In 2015, Attorney General Maura Healey’s Office entered into a multistate settlement with the three national credit reporting agencies, Equifax Information Services LLC, Experian Information Solutions, Inc., and TransUnion LLC. This settlement seeks to improve the accuracy of data contained in consumers’ credit reports and provide other significant protections.
Key provisions of the settlement agreement include:
Higher standards for entities that supply data to credit reporting agencies
- The credit reporting agencies must maintain information about problematic data furnishers, including creditors and debt collection agencies, and provide a list of those suppliers to the states upon request.

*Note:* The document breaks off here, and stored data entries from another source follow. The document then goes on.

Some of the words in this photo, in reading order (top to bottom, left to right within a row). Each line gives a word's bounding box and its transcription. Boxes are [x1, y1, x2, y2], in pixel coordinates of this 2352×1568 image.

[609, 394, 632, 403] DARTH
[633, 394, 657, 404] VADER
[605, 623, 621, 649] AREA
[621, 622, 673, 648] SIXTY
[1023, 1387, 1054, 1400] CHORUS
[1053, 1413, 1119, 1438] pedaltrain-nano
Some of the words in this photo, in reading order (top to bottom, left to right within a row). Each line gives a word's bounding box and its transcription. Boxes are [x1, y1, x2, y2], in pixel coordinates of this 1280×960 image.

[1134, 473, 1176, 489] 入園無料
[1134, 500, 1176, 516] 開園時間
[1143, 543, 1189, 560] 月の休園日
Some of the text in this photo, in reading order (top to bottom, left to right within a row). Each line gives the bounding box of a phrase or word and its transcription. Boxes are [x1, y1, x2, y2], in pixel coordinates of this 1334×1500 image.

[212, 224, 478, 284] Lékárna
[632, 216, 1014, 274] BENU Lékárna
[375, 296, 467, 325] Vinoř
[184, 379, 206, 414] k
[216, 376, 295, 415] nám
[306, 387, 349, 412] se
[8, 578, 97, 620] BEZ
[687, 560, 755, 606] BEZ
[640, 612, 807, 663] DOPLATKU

- The credit reporting agencies and data furnishers must use a better, more detailed system to share data with each other.
Added protections for consumers who dispute credit reporting information
- The credit reporting agencies must implement an escalated process for handling complicated disputes, such as those involving identity theft, fraud, or mixed files.
- When consumers initiate disputes, the credit reporting agencies must send any supporting documents that the consumers provide to the data furnishers.
- Consumers may obtain one additional free credit report in a 12-month period if they dispute information on their credit report and a change is made as a result of the dispute.
Limits to certain information that can be added to a consumer’s credit report
- The credit reporting agencies are generally prohibited from adding information about fines and tickets to credit reports.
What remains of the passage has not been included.